◆ Provided entries:
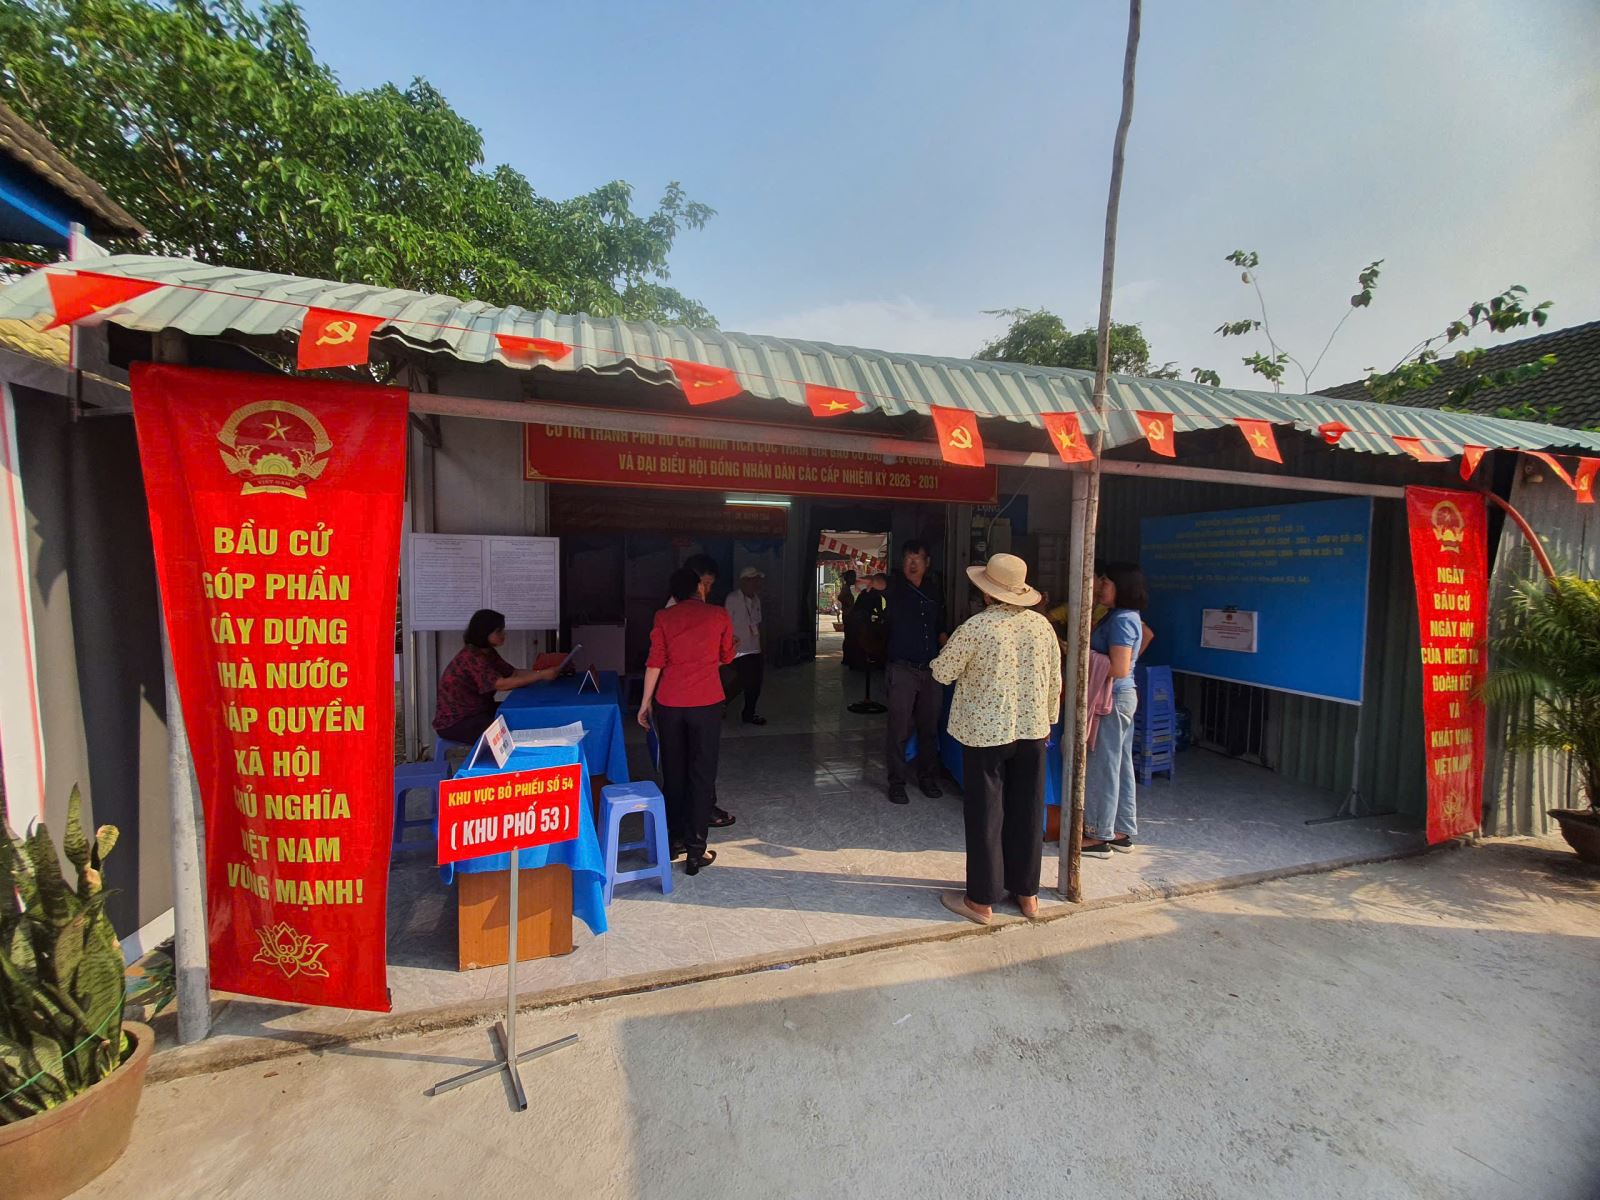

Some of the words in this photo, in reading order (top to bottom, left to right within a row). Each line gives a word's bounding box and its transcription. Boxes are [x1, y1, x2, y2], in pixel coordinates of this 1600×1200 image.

[637, 454, 656, 475] ĐẠI
[660, 451, 685, 474] BIỂU
[689, 456, 707, 479] HỘI
[799, 464, 818, 482] CÁC
[821, 462, 839, 482] CẤP
[843, 468, 872, 489] NHIỆM
[889, 473, 911, 488] 2026
[919, 475, 938, 489] 2031
[214, 518, 278, 555] BẦU
[289, 521, 333, 557] CỬ
[202, 566, 255, 600] GÓP
[265, 565, 350, 600] PHẦN
[1437, 564, 1464, 584] NGÀY
[1433, 588, 1455, 610] BẦU
[1457, 590, 1470, 611] CỬ
[264, 616, 348, 650] DỰNG
[1430, 617, 1457, 637] NGÀY
[1460, 619, 1474, 642] HỘI
[1420, 643, 1441, 664] CỦA
[266, 656, 349, 689] NƯỚC
[267, 698, 365, 737] QUYỀN
[1431, 727, 1454, 748] KHÁT
[234, 746, 265, 776] XÃ
[273, 745, 320, 782] HỘI
[265, 788, 351, 821] NGHĨA
[448, 790, 471, 807] KHU
[474, 787, 495, 805] VỰC
[498, 780, 512, 800] BỎ
[515, 777, 544, 798] PHIẾU
[547, 773, 560, 792] SỐ
[561, 777, 574, 791] 54
[462, 816, 498, 846] KHU
[503, 801, 537, 840] PHỐ
[540, 806, 560, 832] 53
[276, 837, 341, 863] NAM
[275, 878, 364, 912] MẠNH!
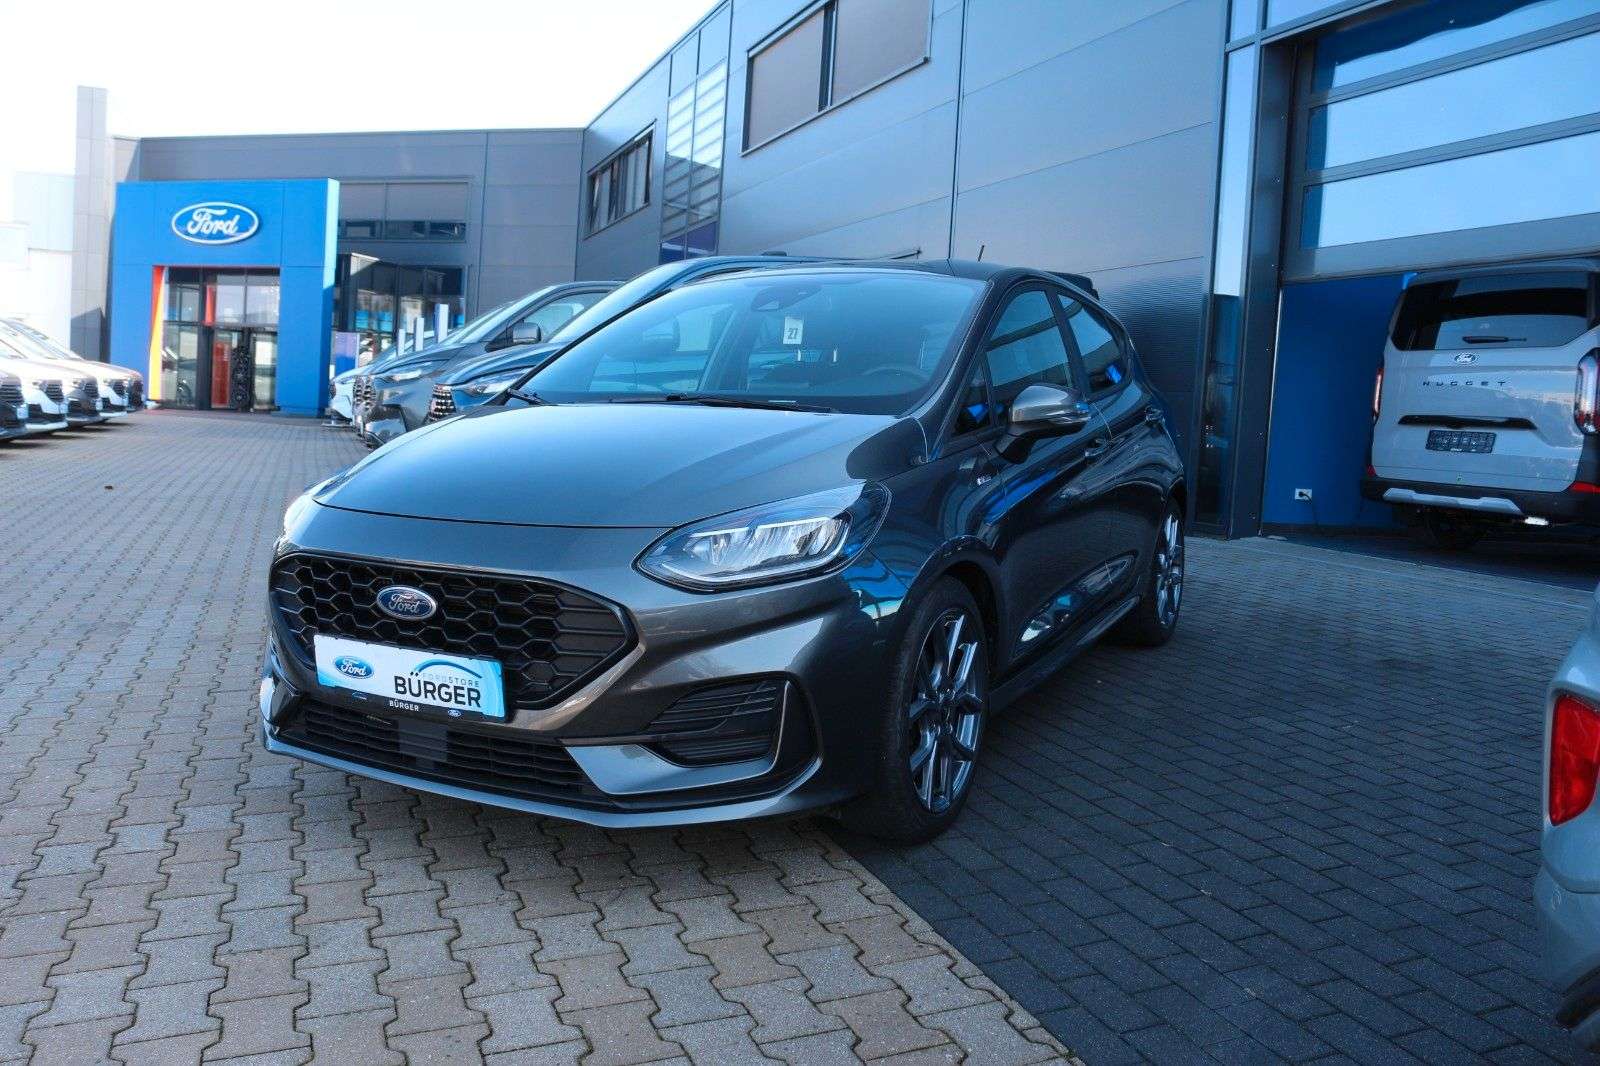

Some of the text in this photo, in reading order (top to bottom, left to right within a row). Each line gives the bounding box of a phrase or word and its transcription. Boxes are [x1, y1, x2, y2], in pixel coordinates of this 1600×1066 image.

[187, 207, 240, 235] Ford
[389, 592, 420, 613] Ford
[341, 658, 366, 676] Ford
[394, 671, 482, 708] BÜRGER
[389, 699, 419, 712] BÜRGER

◆ Assignment: The full set of entries should be transcribed exactly, pictures left aside.

◆ Task answer:
Some of the words in this photo, in reading order (top to bottom, left to right within a row). Each line gives a word's bounding box and its transcription. Boxes are [x1, y1, x2, y2], in pixel coordinates of this 1600×1200 image.

[637, 454, 656, 475] ĐẠI
[660, 451, 685, 474] BIỂU
[689, 456, 707, 479] HỘI
[799, 464, 818, 482] CÁC
[821, 462, 839, 482] CẤP
[843, 468, 872, 489] NHIỆM
[889, 473, 911, 488] 2026
[919, 475, 938, 489] 2031
[214, 518, 278, 555] BẦU
[289, 521, 333, 557] CỬ
[202, 566, 255, 600] GÓP
[265, 565, 350, 600] PHẦN
[1437, 564, 1464, 584] NGÀY
[1433, 588, 1455, 610] BẦU
[1457, 590, 1470, 611] CỬ
[264, 616, 348, 650] DỰNG
[1430, 617, 1457, 637] NGÀY
[1460, 619, 1474, 642] HỘI
[1420, 643, 1441, 664] CỦA
[266, 656, 349, 689] NƯỚC
[267, 698, 365, 737] QUYỀN
[1431, 727, 1454, 748] KHÁT
[234, 746, 265, 776] XÃ
[273, 745, 320, 782] HỘI
[265, 788, 351, 821] NGHĨA
[448, 790, 471, 807] KHU
[474, 787, 495, 805] VỰC
[498, 780, 512, 800] BỎ
[515, 777, 544, 798] PHIẾU
[547, 773, 560, 792] SỐ
[561, 777, 574, 791] 54
[462, 816, 498, 846] KHU
[503, 801, 537, 840] PHỐ
[540, 806, 560, 832] 53
[276, 837, 341, 863] NAM
[275, 878, 364, 912] MẠNH!

Some of the text in this photo, in reading order (top to bottom, left to right within a row). Each line gives the bounding box of a phrase or word and its transcription. Boxes are [x1, y1, x2, y2], in pixel coordinates of this 1600×1066 image.

[187, 207, 240, 235] Ford
[389, 592, 420, 613] Ford
[341, 658, 366, 676] Ford
[394, 671, 482, 708] BÜRGER
[389, 699, 419, 712] BÜRGER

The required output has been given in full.